The BBC needed reliable live broadcast applications. Events with tens of thousands of people watching simultaneously. Infrastructure that could not fail during a live broadcast. Zero tolerance for downtime.

This is a genuinely different engineering problem from most web development. The concern isn't whether the site looks good or converts well — it's whether it stays up when 25,000 people hit it at exactly the same moment.

The approach

The architecture was designed from the ground up for peak load, not average load. Caching strategies, CDN configuration, database query optimisation, and load testing at scale — all of it done before a single user arrived.

The live broadcast context adds a particular pressure. You can't roll back during a broadcast. You can't push an emergency fix mid-show. Everything has to work, and it has to work before the cameras start rolling.

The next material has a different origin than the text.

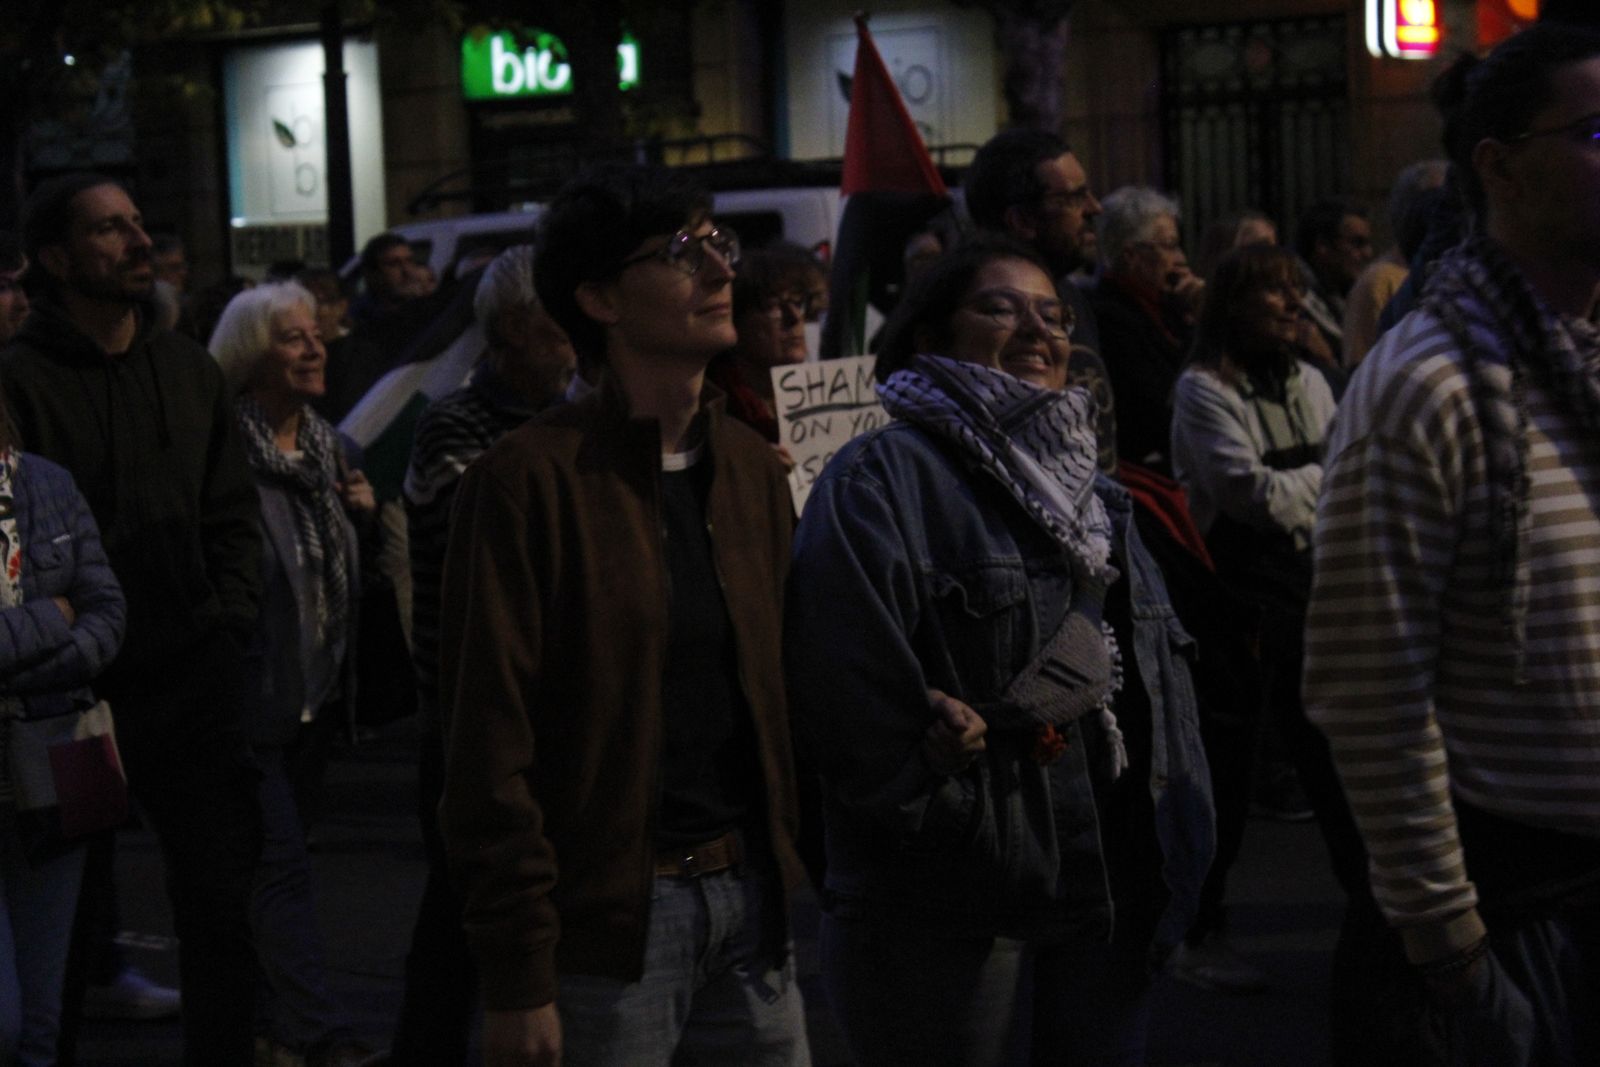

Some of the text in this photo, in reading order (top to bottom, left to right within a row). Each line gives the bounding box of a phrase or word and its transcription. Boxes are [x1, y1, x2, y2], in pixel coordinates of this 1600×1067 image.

[779, 364, 877, 411] SHAM
[790, 411, 887, 444] ON YO

This required a rigorous approach to testing and deployment: comprehensive pre-launch checks, staged rollouts where possible, and clear rollback procedures that could be executed in under two minutes if needed.

The result

100% uptime across all live broadcast events. The applications handled peak loads of 25,000 concurrent users without degradation.

What this number represents isn't just a technical achievement — it's the confidence that comes from knowing the work was done properly. Every caching layer was tested. Every database query was profiled. Every potential failure point was addressed before it became a problem.

The BBC's standard for technical reliability is genuinely high. Meeting it consistently is something I'm proud of.